Given data section start
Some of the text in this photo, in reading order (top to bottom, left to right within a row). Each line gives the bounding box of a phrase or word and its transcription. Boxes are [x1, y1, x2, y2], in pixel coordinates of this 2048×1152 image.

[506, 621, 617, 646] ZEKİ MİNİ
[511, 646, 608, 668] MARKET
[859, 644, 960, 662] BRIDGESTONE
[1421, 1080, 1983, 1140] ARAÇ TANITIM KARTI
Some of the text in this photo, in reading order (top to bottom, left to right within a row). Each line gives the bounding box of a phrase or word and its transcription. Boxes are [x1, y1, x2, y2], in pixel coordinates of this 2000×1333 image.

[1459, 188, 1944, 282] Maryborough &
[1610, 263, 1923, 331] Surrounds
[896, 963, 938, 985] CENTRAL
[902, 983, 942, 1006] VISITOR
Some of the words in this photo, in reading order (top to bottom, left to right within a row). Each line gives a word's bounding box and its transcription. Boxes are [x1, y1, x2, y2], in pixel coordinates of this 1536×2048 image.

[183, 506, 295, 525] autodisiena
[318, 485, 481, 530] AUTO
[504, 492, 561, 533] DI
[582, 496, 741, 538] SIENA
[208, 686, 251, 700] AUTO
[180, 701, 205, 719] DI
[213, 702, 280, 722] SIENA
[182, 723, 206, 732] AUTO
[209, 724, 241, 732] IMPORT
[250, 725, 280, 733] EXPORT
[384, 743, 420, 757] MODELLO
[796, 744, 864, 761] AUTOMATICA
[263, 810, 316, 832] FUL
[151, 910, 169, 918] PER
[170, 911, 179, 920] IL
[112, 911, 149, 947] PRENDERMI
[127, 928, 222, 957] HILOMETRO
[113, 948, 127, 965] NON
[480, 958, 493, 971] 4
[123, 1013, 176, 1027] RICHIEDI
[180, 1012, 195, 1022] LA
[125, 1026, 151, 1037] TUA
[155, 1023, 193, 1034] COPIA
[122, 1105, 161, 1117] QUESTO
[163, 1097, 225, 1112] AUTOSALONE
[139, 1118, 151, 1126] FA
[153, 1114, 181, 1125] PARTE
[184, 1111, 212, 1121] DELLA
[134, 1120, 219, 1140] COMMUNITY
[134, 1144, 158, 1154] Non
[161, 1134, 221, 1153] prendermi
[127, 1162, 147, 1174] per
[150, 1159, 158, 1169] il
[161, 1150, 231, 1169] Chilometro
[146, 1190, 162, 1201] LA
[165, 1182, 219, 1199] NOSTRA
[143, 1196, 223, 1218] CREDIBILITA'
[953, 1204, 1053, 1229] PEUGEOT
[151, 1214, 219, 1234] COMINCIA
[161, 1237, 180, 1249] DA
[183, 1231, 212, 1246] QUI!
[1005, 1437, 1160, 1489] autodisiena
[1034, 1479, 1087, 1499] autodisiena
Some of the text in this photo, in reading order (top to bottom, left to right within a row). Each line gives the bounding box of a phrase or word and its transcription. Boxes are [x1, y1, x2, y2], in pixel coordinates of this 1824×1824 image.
Given data section end
> The task:
What this exercise asks for is an exact copy of all the records.

> Expected answer:
Some of the text in this photo, in reading order (top to bottom, left to right within a row). Each line gives the bounding box of a phrase or word and its transcription. Boxes are [x1, y1, x2, y2], in pixel coordinates of this 2048×1152 image.

[506, 621, 617, 646] ZEKİ MİNİ
[511, 646, 608, 668] MARKET
[859, 644, 960, 662] BRIDGESTONE
[1421, 1080, 1983, 1140] ARAÇ TANITIM KARTI
Some of the text in this photo, in reading order (top to bottom, left to right within a row). Each line gives the bounding box of a phrase or word and its transcription. Boxes are [x1, y1, x2, y2], in pixel coordinates of this 2000×1333 image.

[1459, 188, 1944, 282] Maryborough &
[1610, 263, 1923, 331] Surrounds
[896, 963, 938, 985] CENTRAL
[902, 983, 942, 1006] VISITOR
Some of the words in this photo, in reading order (top to bottom, left to right within a row). Each line gives a word's bounding box and its transcription. Boxes are [x1, y1, x2, y2], in pixel coordinates of this 1536×2048 image.

[183, 506, 295, 525] autodisiena
[318, 485, 481, 530] AUTO
[504, 492, 561, 533] DI
[582, 496, 741, 538] SIENA
[208, 686, 251, 700] AUTO
[180, 701, 205, 719] DI
[213, 702, 280, 722] SIENA
[182, 723, 206, 732] AUTO
[209, 724, 241, 732] IMPORT
[250, 725, 280, 733] EXPORT
[384, 743, 420, 757] MODELLO
[796, 744, 864, 761] AUTOMATICA
[263, 810, 316, 832] FUL
[151, 910, 169, 918] PER
[170, 911, 179, 920] IL
[112, 911, 149, 947] PRENDERMI
[127, 928, 222, 957] HILOMETRO
[113, 948, 127, 965] NON
[480, 958, 493, 971] 4
[123, 1013, 176, 1027] RICHIEDI
[180, 1012, 195, 1022] LA
[125, 1026, 151, 1037] TUA
[155, 1023, 193, 1034] COPIA
[122, 1105, 161, 1117] QUESTO
[163, 1097, 225, 1112] AUTOSALONE
[139, 1118, 151, 1126] FA
[153, 1114, 181, 1125] PARTE
[184, 1111, 212, 1121] DELLA
[134, 1120, 219, 1140] COMMUNITY
[134, 1144, 158, 1154] Non
[161, 1134, 221, 1153] prendermi
[127, 1162, 147, 1174] per
[150, 1159, 158, 1169] il
[161, 1150, 231, 1169] Chilometro
[146, 1190, 162, 1201] LA
[165, 1182, 219, 1199] NOSTRA
[143, 1196, 223, 1218] CREDIBILITA'
[953, 1204, 1053, 1229] PEUGEOT
[151, 1214, 219, 1234] COMINCIA
[161, 1237, 180, 1249] DA
[183, 1231, 212, 1246] QUI!
[1005, 1437, 1160, 1489] autodisiena
[1034, 1479, 1087, 1499] autodisiena
Some of the text in this photo, in reading order (top to bottom, left to right within a row). Each line gives the bounding box of a phrase or word and its transcription. Boxes are [x1, y1, x2, y2], in pixel coordinates of this 1824×1824 image.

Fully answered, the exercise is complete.